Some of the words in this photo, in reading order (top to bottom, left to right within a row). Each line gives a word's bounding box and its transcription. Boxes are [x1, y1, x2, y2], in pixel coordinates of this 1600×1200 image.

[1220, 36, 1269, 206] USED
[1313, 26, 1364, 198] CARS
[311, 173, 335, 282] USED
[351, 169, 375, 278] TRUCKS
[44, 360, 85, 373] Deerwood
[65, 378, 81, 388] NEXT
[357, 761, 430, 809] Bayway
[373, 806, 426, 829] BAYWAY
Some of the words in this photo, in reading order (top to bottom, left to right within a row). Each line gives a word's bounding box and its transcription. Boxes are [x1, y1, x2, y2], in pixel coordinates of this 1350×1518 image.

==

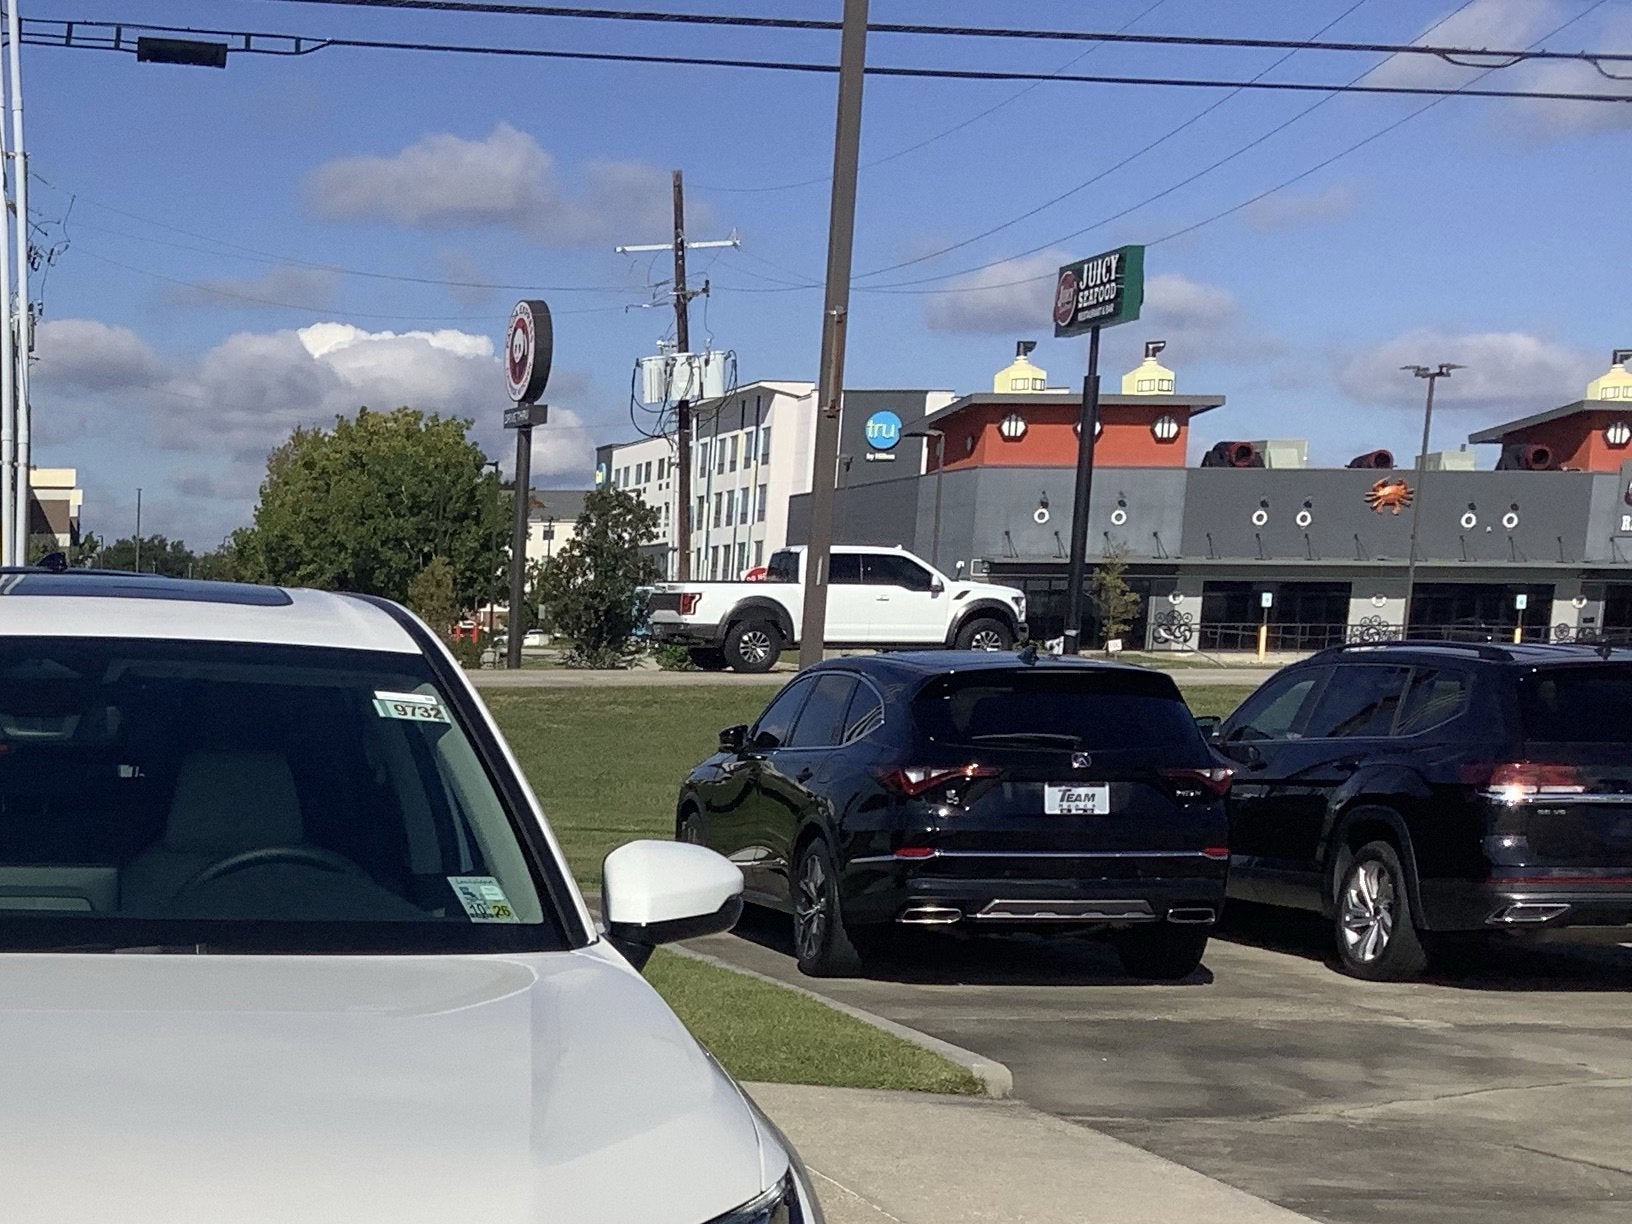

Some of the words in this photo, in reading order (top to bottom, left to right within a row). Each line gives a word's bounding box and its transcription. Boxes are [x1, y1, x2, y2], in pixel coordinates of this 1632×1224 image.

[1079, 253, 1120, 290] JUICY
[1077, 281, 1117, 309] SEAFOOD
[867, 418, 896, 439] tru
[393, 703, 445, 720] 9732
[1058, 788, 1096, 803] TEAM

# Work request
When the line with "this 1600×1200 image." is reached in the data above, begin copying, and stop after the line with "this 1350×1518 image."; copy each line exactly, both ends included.

# Exercise response
Some of the words in this photo, in reading order (top to bottom, left to right within a row). Each line gives a word's bounding box and its transcription. Boxes are [x1, y1, x2, y2], in pixel coordinates of this 1600×1200 image.

[1220, 36, 1269, 206] USED
[1313, 26, 1364, 198] CARS
[311, 173, 335, 282] USED
[351, 169, 375, 278] TRUCKS
[44, 360, 85, 373] Deerwood
[65, 378, 81, 388] NEXT
[357, 761, 430, 809] Bayway
[373, 806, 426, 829] BAYWAY
Some of the words in this photo, in reading order (top to bottom, left to right within a row). Each line gives a word's bounding box and its transcription. Boxes are [x1, y1, x2, y2], in pixel coordinates of this 1350×1518 image.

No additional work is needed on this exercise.